Tesi 2: Gli obiettivi a lungo termine contano più dei risultati a breve termine

La scuola costringe gli studenti a studiare cose che in gran parte non li interessano per tutelarne gli interessi a lungo termine, grazie al lavoro di insegnanti che si assumono in buona fede la responsabilità di salvare l’adulto di domani dalla pigrizia del giovane di oggi. Dal punto di vista del docente, e della società che gli conferisce il mandato, l’azione didattica più o meno coercitiva che viene esercitata sulla classe non si configura dunque come un esercizio arbitrario di potere, bensì come un atto di responsabile altruismo; gli studenti, domani, potranno avvantaggiarsi di essere stati costretti ad acquisire oggi quelle nozioni e quelle competenze di cui nell’immediato avrebbero fatto volentieri a meno. Si potrebbe essere indotti a pensare che sul lungo termine questa preoccupazione paternalistica produca un vantaggio netto. Ma se verificassimo con maggiore attenzione la contabilità di tale accanimento educativo, potremmo osservare come spesso lo zelo didattico benintenzionato provochi conseguenze inattese, o addirittura paradossali. Conseguenze di cui non ci accorgiamo perché, impegnati a produrre risultati a breve termine, a salvare il bambino da se stesso, tendiamo a distogliere sistematicamente  l’attenzione dal terreno che si brucia per eccesso di fertilizzante; è noto infatti che tutte le pratiche di rinforzo che usiamo per perseguire lo scopo di motivare in modo estrinseco gli studenti (dai voti, alle gare, ai test, ai premi) rischiano sempre di distruggere la risorsa motivazionale più preziosa dell’individuo, ovvero il piacere di fare qualcosa per il gusto di farla. Non a caso, in risposta ai nostri sistemi di valutazione che impiegano il voto come strumento di controllo e verifica, gli studenti non sviluppano alcun interesse ad approfondire gli argomenti di studio, mettono da parte ogni potenziale curiosità, preferiscono scorciatoie e compiti semplici e ostentano un atteggiamento utilitaristico, cercando sempre di conseguire il massimo risultato con il minimo sforzo. Che ci piaccia o no, la traslazione di ogni attività culturale in un’attività imposta e rinforzata con premi e punizioni, mentre produce risultati a breve termine di cui ci possiamo compiacere, produce quasi sempre anche effetti deleteri sulla motivazione stessa ad apprendere. 

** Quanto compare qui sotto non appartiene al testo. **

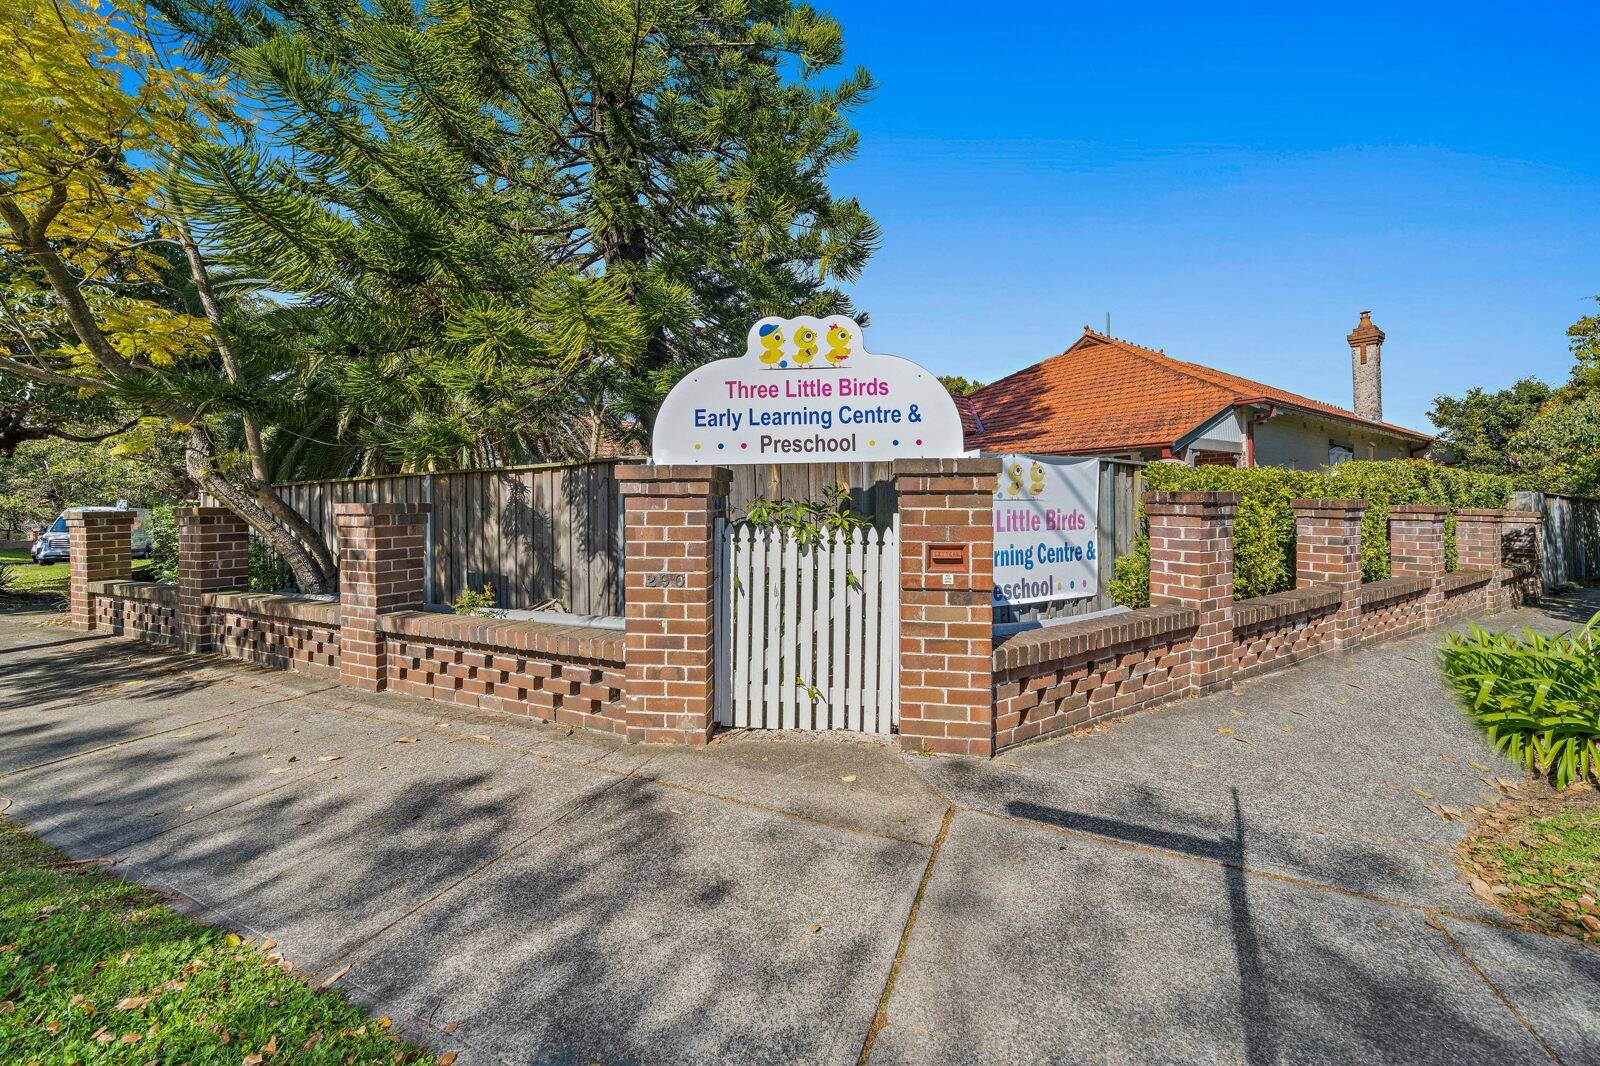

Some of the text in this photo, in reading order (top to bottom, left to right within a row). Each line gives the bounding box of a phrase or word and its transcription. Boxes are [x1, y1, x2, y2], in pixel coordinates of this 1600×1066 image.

[725, 378, 889, 399] Three Little Birds
[694, 404, 922, 432] Early Learning Centre &
[760, 433, 857, 453] Preschool
[996, 508, 1086, 533] Little Birds
[994, 540, 1096, 570] rning Centre &
[993, 575, 1054, 601] eschool
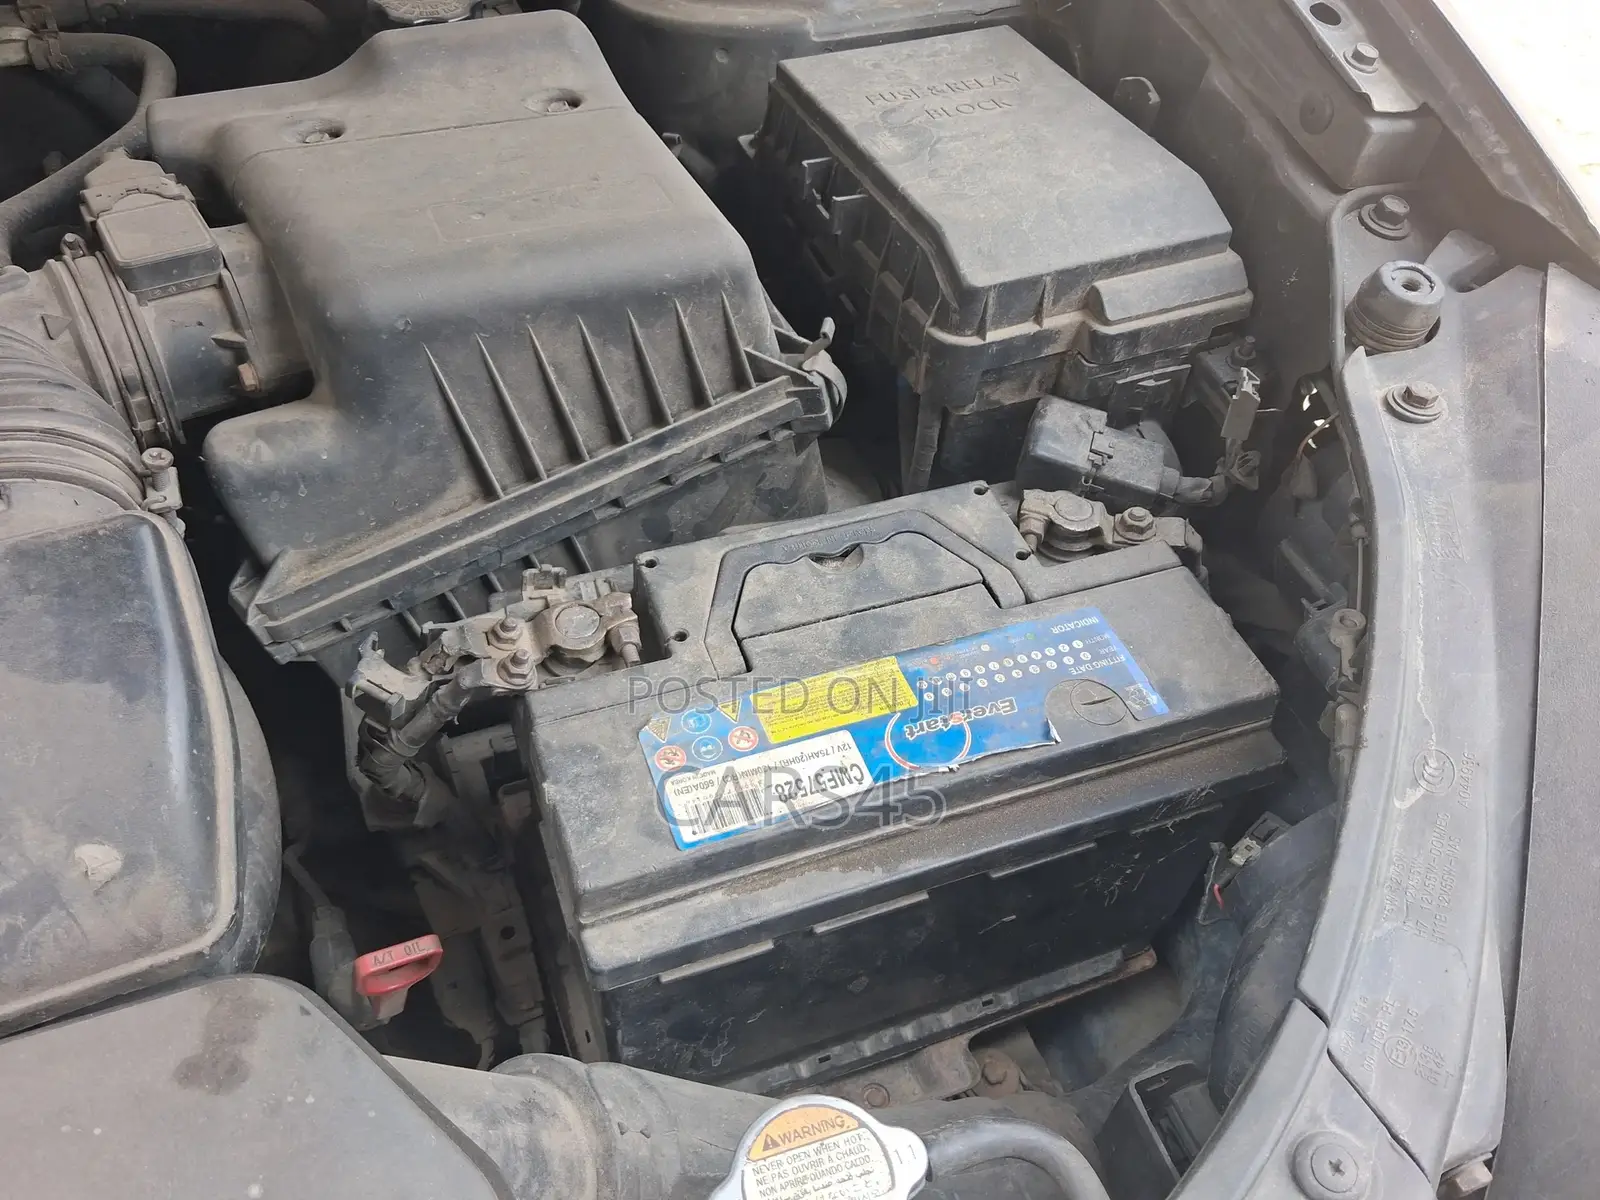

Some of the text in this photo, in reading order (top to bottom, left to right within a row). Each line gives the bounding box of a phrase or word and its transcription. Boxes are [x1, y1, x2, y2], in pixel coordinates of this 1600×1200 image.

[923, 98, 1013, 119] BLOCK
[1050, 616, 1100, 634] INDICATOR
[1068, 655, 1126, 676] FITTING DATE
[903, 697, 1019, 740] Everstart
[836, 743, 853, 755] 12V
[773, 763, 865, 804] CMF57528
[1413, 919, 1429, 939] H7
[372, 941, 426, 966] A/T OIL
[751, 1159, 785, 1176] NEVER
[785, 1150, 811, 1165] OPEN
[812, 1140, 841, 1157] WHEN
[755, 1175, 771, 1187] NE
[770, 1168, 790, 1182] PAS
[791, 1157, 825, 1175] OUVRIR
[759, 1184, 778, 1198] NON
[778, 1174, 810, 1193] APRIRE
[809, 1163, 844, 1182] QUANDO
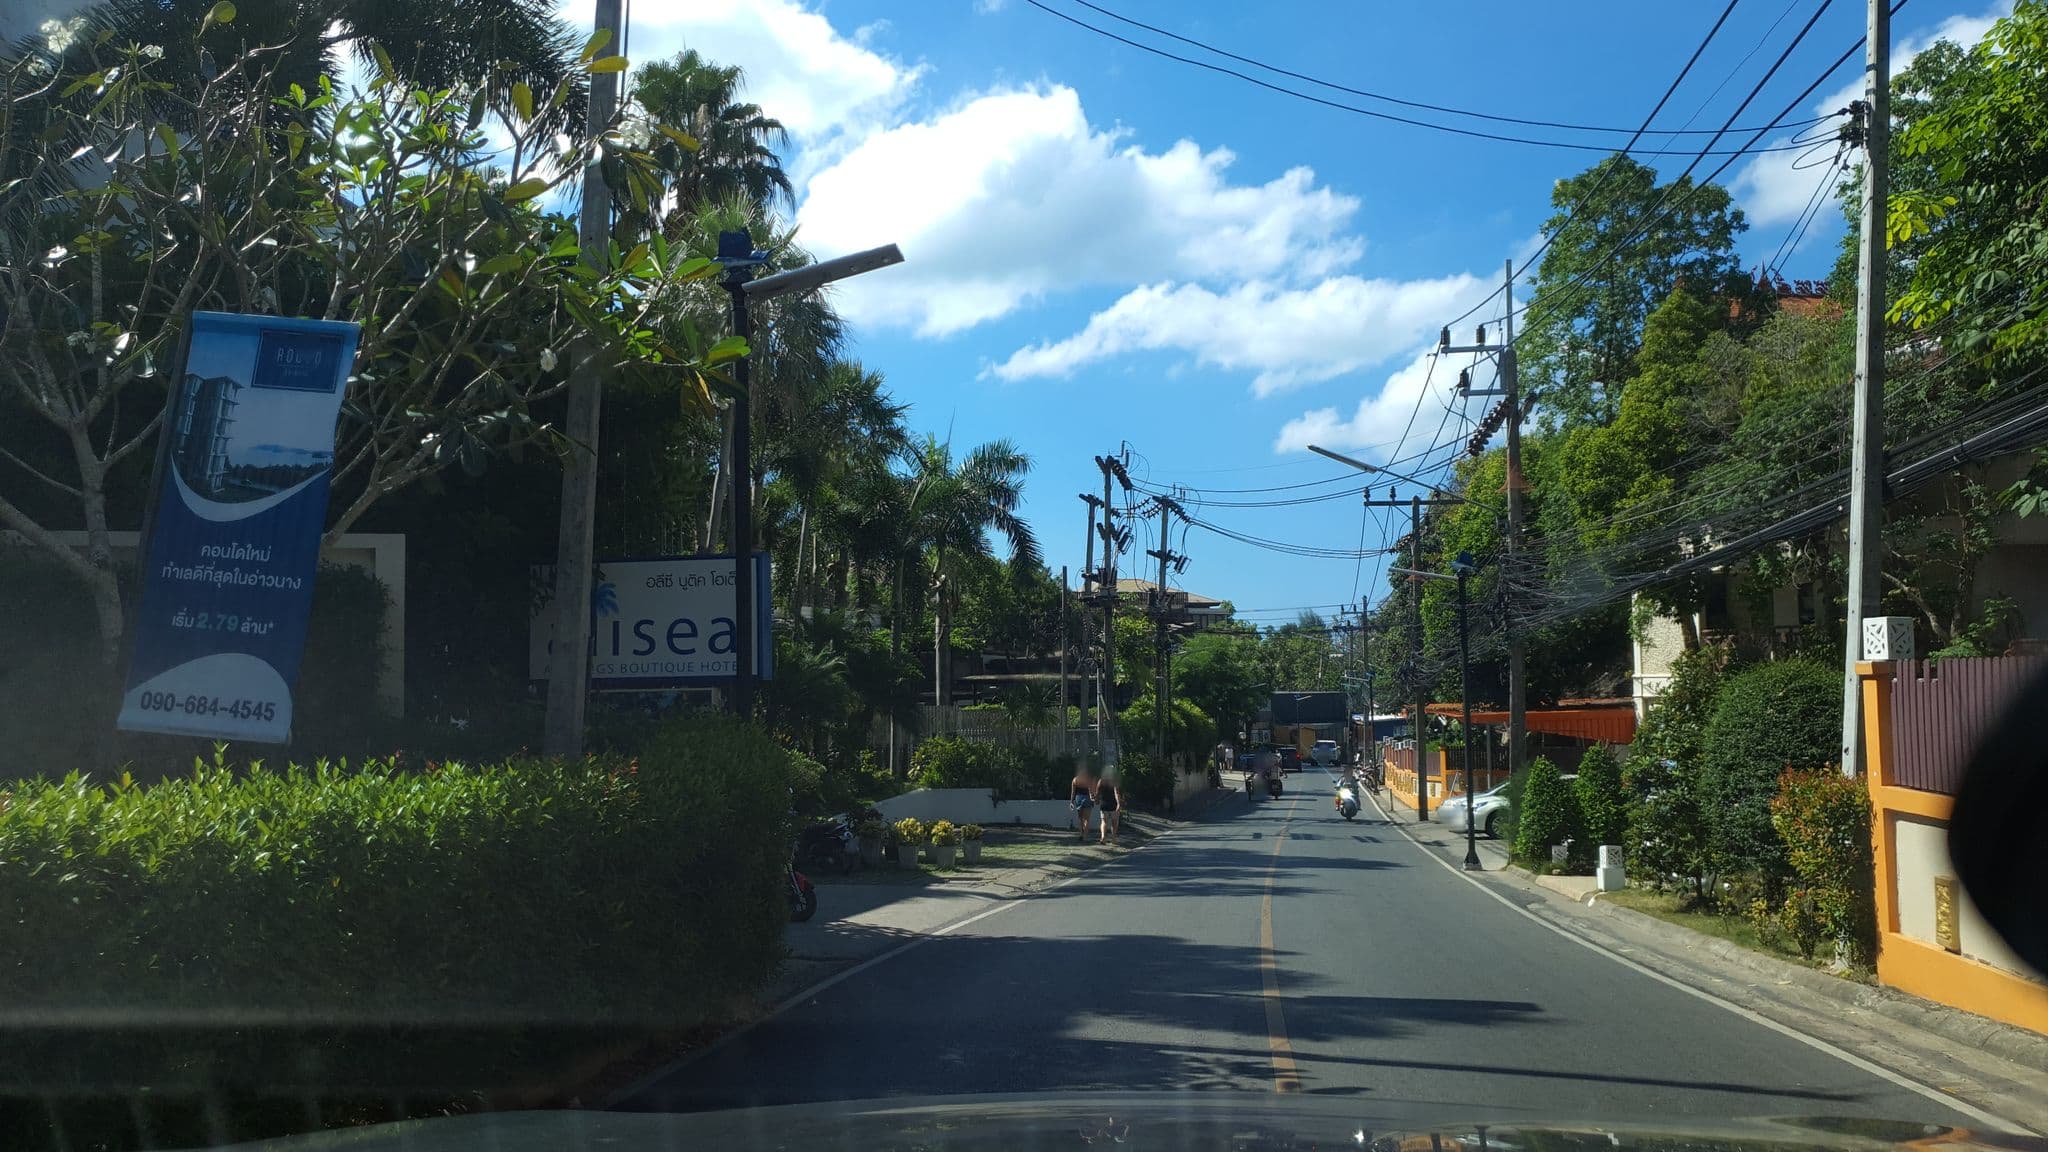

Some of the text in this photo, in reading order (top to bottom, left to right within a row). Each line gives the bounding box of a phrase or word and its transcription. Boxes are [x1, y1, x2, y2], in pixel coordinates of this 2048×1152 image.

Gli incentivi sono strumenti complessi, strumenti che andrebbero usati con estrema consapevolezza. Non uccidere e anzi stimolare la curiosità intellettuale in una prospettiva che abbracci l’intero arco vitale è una priorità del sistema di istruzione, incompatibile con l’esigenza di produrre risultati immediati. Un obiettivo primario e non sacrificabile. Del resto, il nostro controllo sugli obiettivi è spesso solo apparente. Nel processo di apprendimento i processi di maggior valore sono quelli sotterranei, i movimenti tellurici spesso impossibili da osservare prima ancora che da misurare. Dobbiamo praticare contro i nostri istinti educativi una forma pedagogica di ottimismo della volontà, avere fiducia che  uno spirito non del tutto annichilito nella propria capacità di scegliere avrà comunque buone possibilità di orientarsi al momento giusto verso le fonti di conoscenza e di apprendimento che sentirà più appropriati alle proprie esigenze. La scuola esercita meglio la propria funzione quando si preoccupa principalmente di stimolare, di affascinare, di creare desiderio, quando si libera dalla paura che gli studenti non imparino adesso cose che a noi sembrano fondamentali, quando trae coraggio dalla consapevolezza che non tutto ciò che si perde nell’immediato è perduto per sempre.